On the other hand, monopolisation of the drug by patent grant results in denial of its access which offers quicker and better treatment, is matter of serious concern and has to be strongly opposed. The Johnson & Johnson’s new application for patent and its rejection by the assistant controller of patents have to be viewed accordingly.
The assistant controller of patents has rightly rejected the application under the Section 3 (d) of Patents Act 1970 (PA70), that the claim was obvious and does not involve any inventive step and was in the nature of evergreening. In support of its claim, Johnson & Johnson USA relied upon its existing patent for the drug due to expire in July 2023, to emphasize the need of the drug for treatment of tuberculosis deadly diseases affecting millions of citizens.
The drug was been supplied by Johnson & Johnson from USA by orders received from tuberculosis patients at price of US $400. These facts clearly suggest that Johnson & Johnson intend to continue to use and supply the patented drug in the same manner, i.e., by non-commercial exports from USA against orders received from individuals patients from India even after acceptance of its new patent application.

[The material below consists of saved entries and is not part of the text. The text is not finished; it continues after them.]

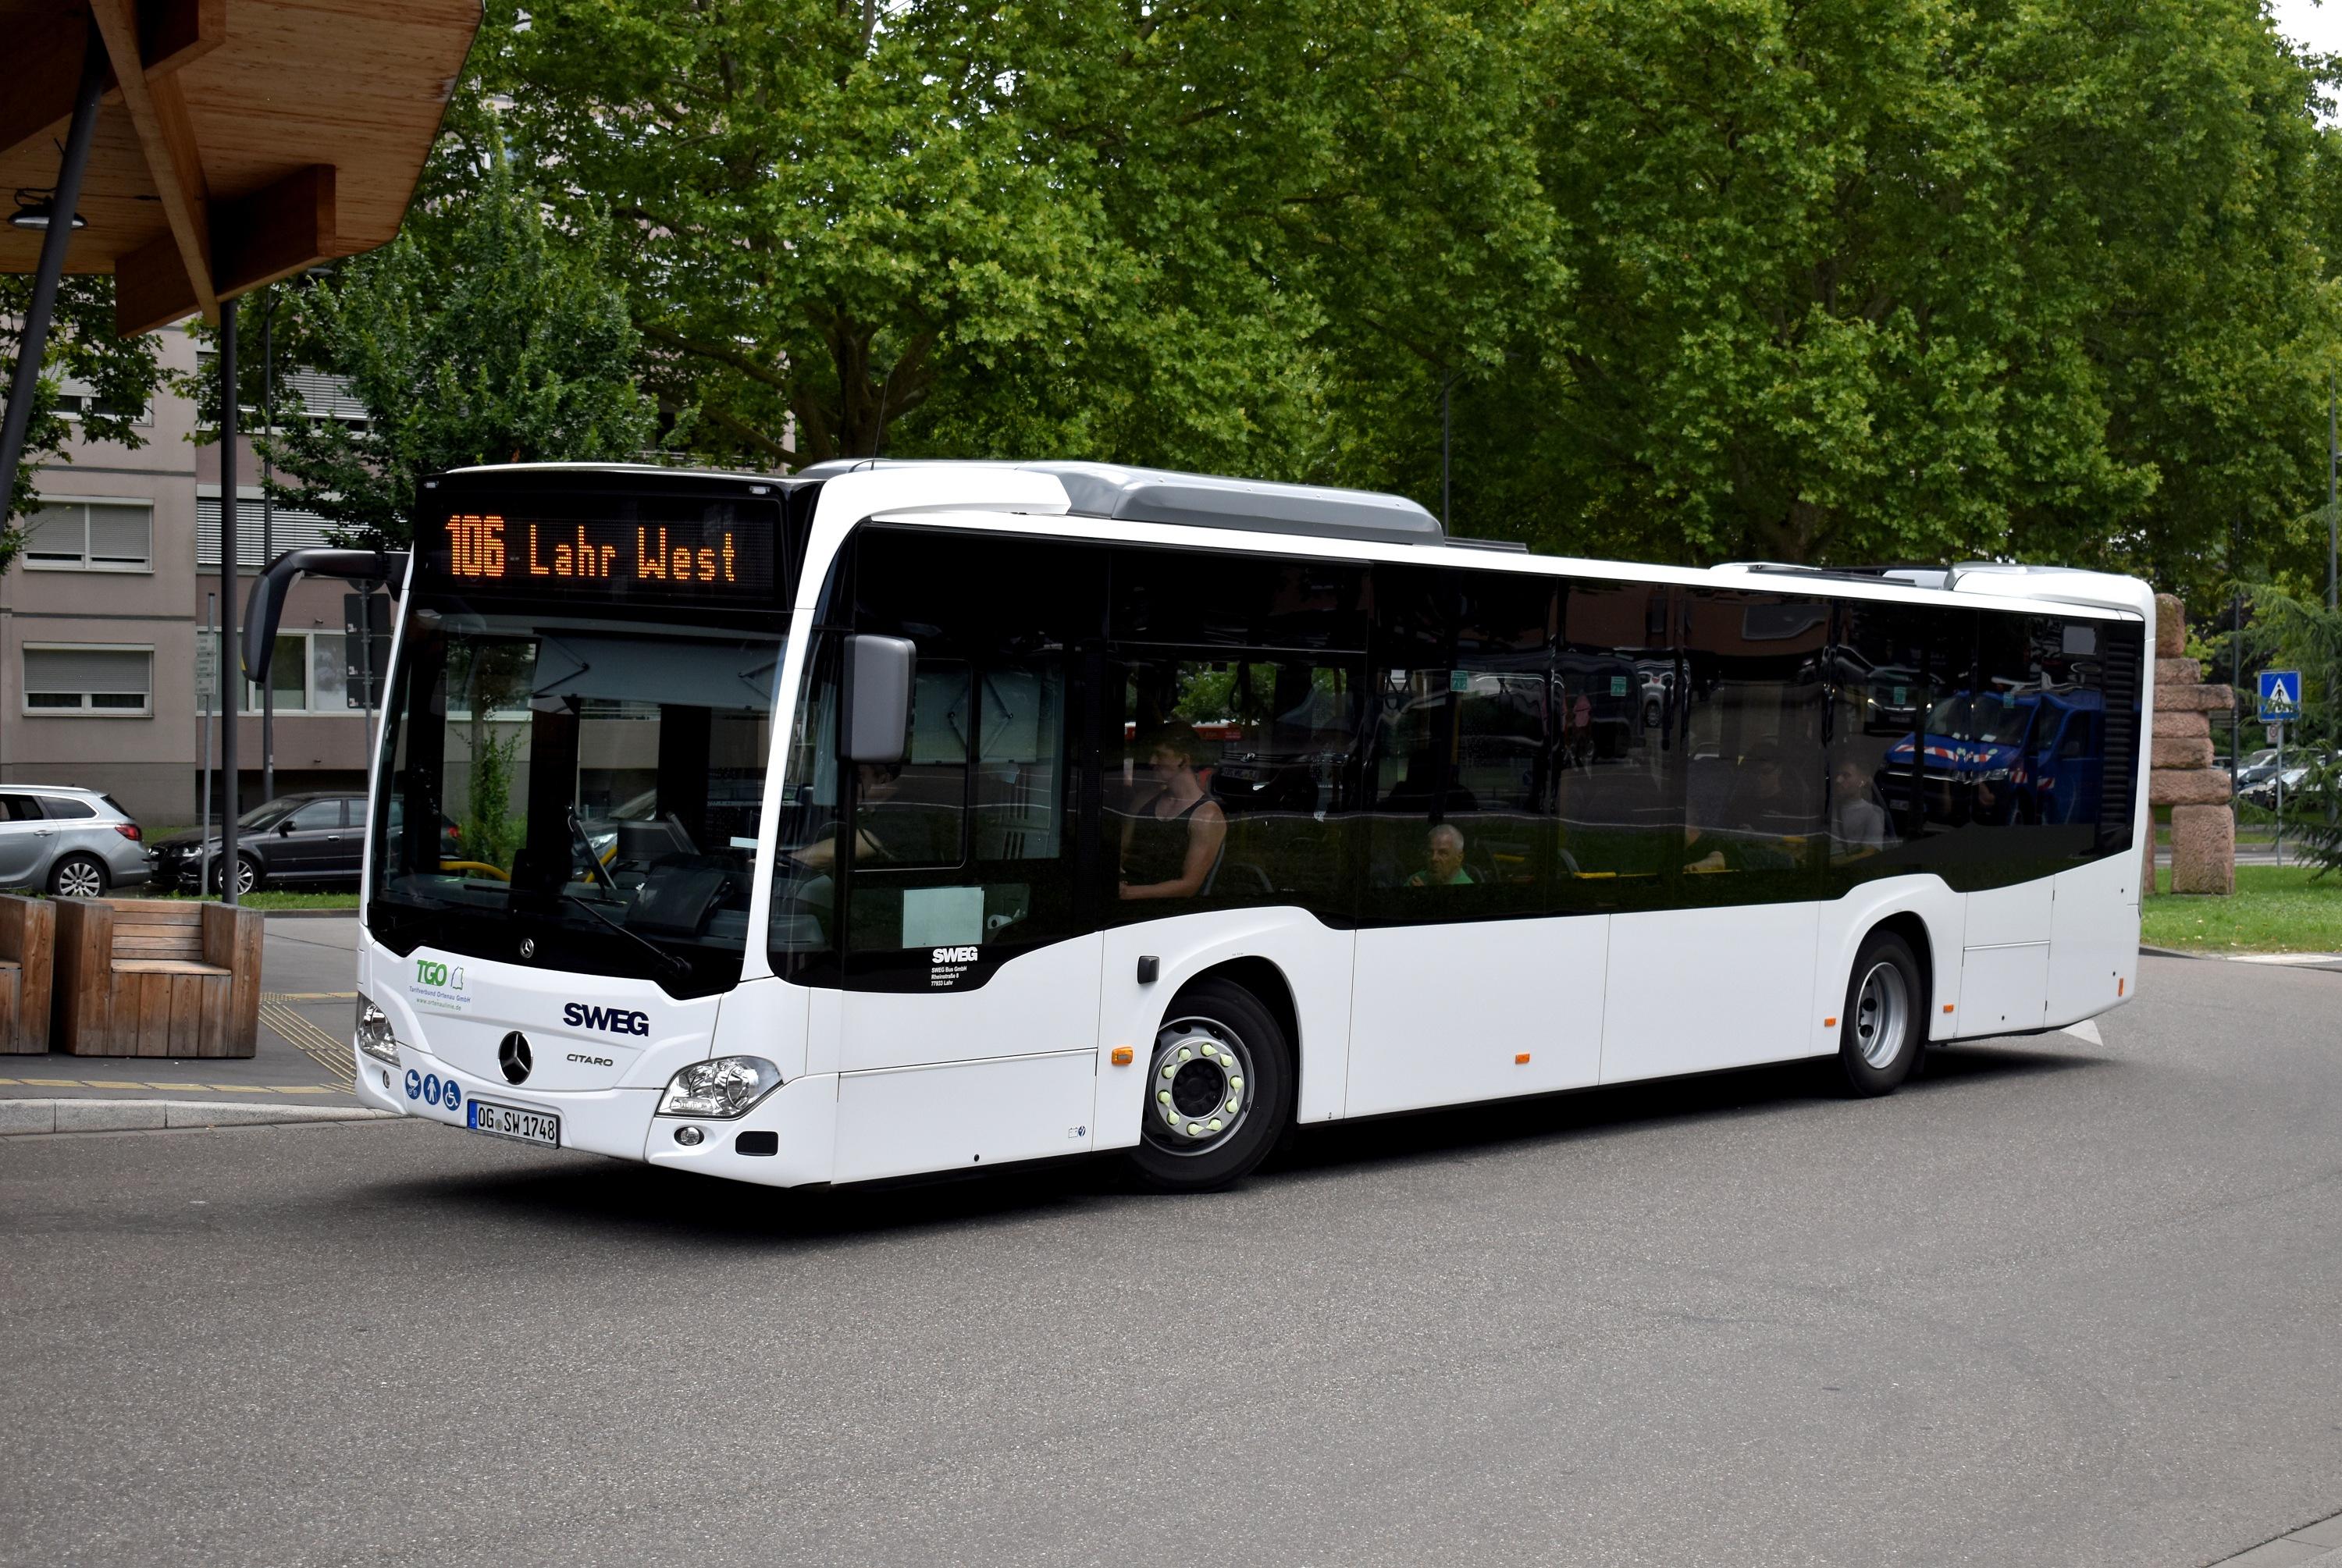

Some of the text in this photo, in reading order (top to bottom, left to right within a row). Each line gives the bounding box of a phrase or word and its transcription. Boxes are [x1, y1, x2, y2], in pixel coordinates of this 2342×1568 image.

[446, 515, 735, 581] 106 Lahr West
[932, 946, 978, 963] SWEG
[417, 959, 447, 987] TGO
[409, 986, 436, 996] Tarifverbund
[437, 991, 455, 1000] Ortenau
[563, 1002, 650, 1036] SWEG
[567, 1054, 614, 1067] CITARO
[478, 1107, 494, 1129] OG
[504, 1111, 520, 1134] SW
[523, 1115, 555, 1140] 1748

In fact, almost all the drugs patented by multinational pharma companies (Big Pharma) since 2005, covered by them in India about 10,000 patents are used only to block the production, importation or licensing of the patented drug by the Indian Drug Industry. As a result, not only the Indian pharmaceutical companies are prevented from producing and marketing such drugs, but even people requiring such drugs for their treatment of diseases and ailment, are also denied access to such patented drugs. Though they have associate companies operating in India, they do not produce or market these drugs in India. As a result, people of India are denied access to, and treatment by, such patented drugs. They supply these drugs only by exports from USA at US prices in terms of US dollar.
Their intention is clearly to avoid drug price control regulations in India, as this would require them to disclose their costs of production, marketing etc, and also comply with the statutory prices fixed under such regulations.

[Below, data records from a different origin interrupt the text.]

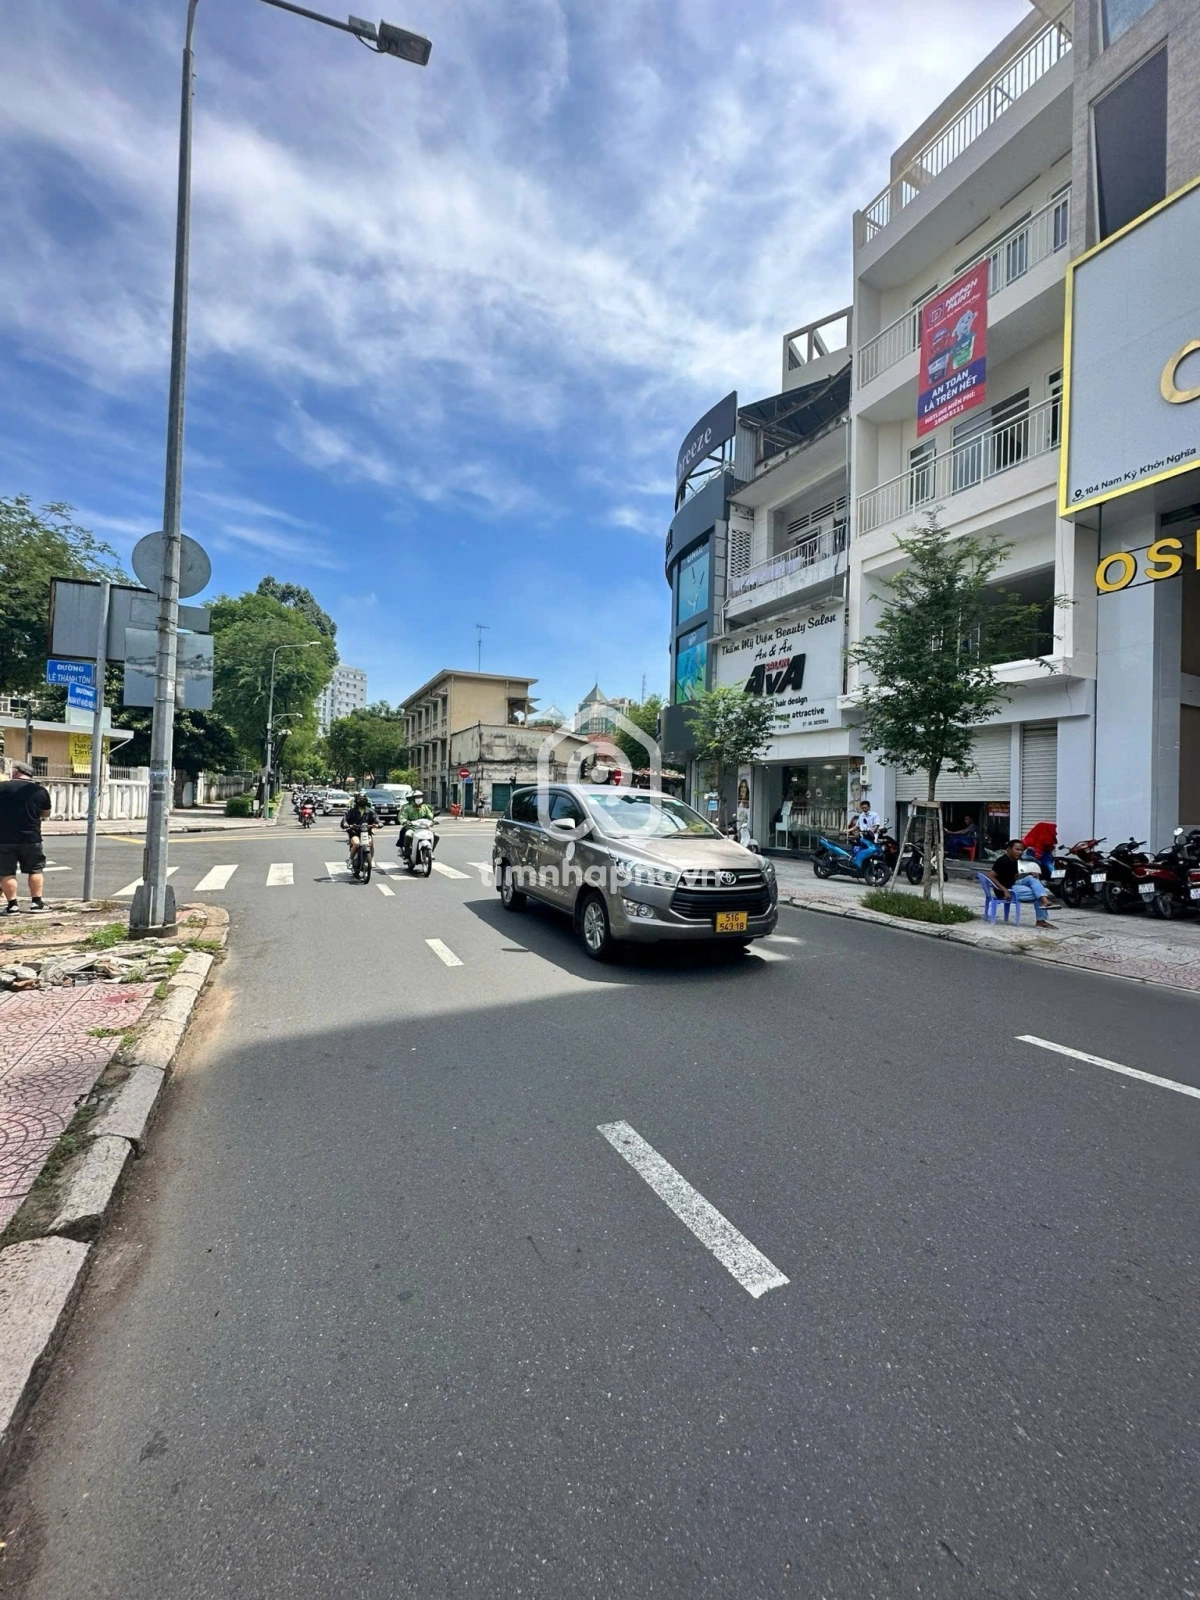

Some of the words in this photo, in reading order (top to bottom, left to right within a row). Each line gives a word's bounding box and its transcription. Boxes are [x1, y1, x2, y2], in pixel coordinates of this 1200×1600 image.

[945, 278, 978, 307] NIPPON
[946, 289, 972, 312] PAINT
[932, 384, 944, 398] AN
[945, 368, 969, 390] TOÀN
[924, 400, 934, 413] LÀ
[936, 386, 958, 406] TRÊN
[960, 374, 978, 392] HẾT
[924, 406, 948, 424] HOTLINE
[1084, 484, 1100, 495] 104
[1101, 476, 1122, 490] Nam
[1140, 460, 1164, 475] Khởi
[1166, 448, 1197, 464] Nghĩa
[742, 638, 754, 650] Mỹ
[756, 633, 774, 646] Viện
[775, 622, 806, 639] Beauty
[807, 614, 837, 629] Salon
[754, 648, 768, 661] An
[768, 644, 777, 657] &
[57, 664, 84, 672] ĐƯỜNG
[48, 672, 56, 682] LÊ
[58, 673, 78, 682] THÁNH
[78, 674, 91, 684] TÔN
[776, 699, 788, 708] hair
[788, 696, 808, 706] design
[792, 706, 825, 719] attractive
[720, 922, 744, 931] 543.18
[726, 914, 740, 922] 51G

As a result, though multinational pharma companies have acquired and hold about 10,000 patents for that drugs, people of India are denied access and treatment by such drugs during the entire patent term.
Granting of patents to multinational pharma companies, thus results in total denial of treatment by these drugs to millions of citizens are left to suffer/die untreated during the entire patent term. It is indeed most shocking that this is being followed by multinational pharma companies as a matter of Common Corporate Policy, in total disregard of health and lives of millions of citizens requiring such patented drugs who are left to suffer/die untreated, year after year. In fact millions of tuberculosis patients have been denied access to treatment by this drug and left to suffer/die untreated during last 20 years.

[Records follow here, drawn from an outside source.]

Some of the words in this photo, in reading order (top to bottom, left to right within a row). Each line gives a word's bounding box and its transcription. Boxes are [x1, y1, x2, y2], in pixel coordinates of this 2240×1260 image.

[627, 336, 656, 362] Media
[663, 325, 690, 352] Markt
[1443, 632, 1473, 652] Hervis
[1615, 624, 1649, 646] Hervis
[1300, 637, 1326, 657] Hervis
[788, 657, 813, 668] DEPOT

In this context, one cannot overlook or ignore the very grave warning given by former US president Bush in his address to the nation in January 2003, important part from which is reproduced below as a warning against patenting such drugs.
“Today, on the continent of Africa, nearly 30 million people have the AIDS virus, including 3 million children under the age of 15. There are whole countries in Africa where more than one-third of the adult population carries the infection. More than 4 million require immediate drug treatment. Yet across that continent, only 50,000 AIDS victims - only 50,000 - are receiving the medicine they need. Because the AIDS diagnosis is considered a death sentence, many do not seek treatment. Almost all who do are turned away.”
By not producing or marketing the drug in India for 20 years as in Africa even while holding patent for it, Johnson & Johnson has already left millions of tuberculosis patients in India to suffer/die untreated. The new application for patent was intended to continue the suffering for tuberculosis patients for further period of 20 years. Rejection of the Johnson & Johnson’s patent application by assistant controller of patents has prevented yet another patent claim by multinational pharma companies obstructing the availability of vital life saving drugs to people of India.
Reference to the supply and use of the drug during the term of the previous patent is apparently intended to emphasize the need to continue availability and patent protection for the drug.
However, the fact that during the entire patent term of the previous patent the fact that millions of tuberculosis patients were denied access to, and treatment by, the drug cannot be overlooked. This was made possible by use of the amendments of sections 25, 87 etc, of Patents Act 1970 during last 20 years.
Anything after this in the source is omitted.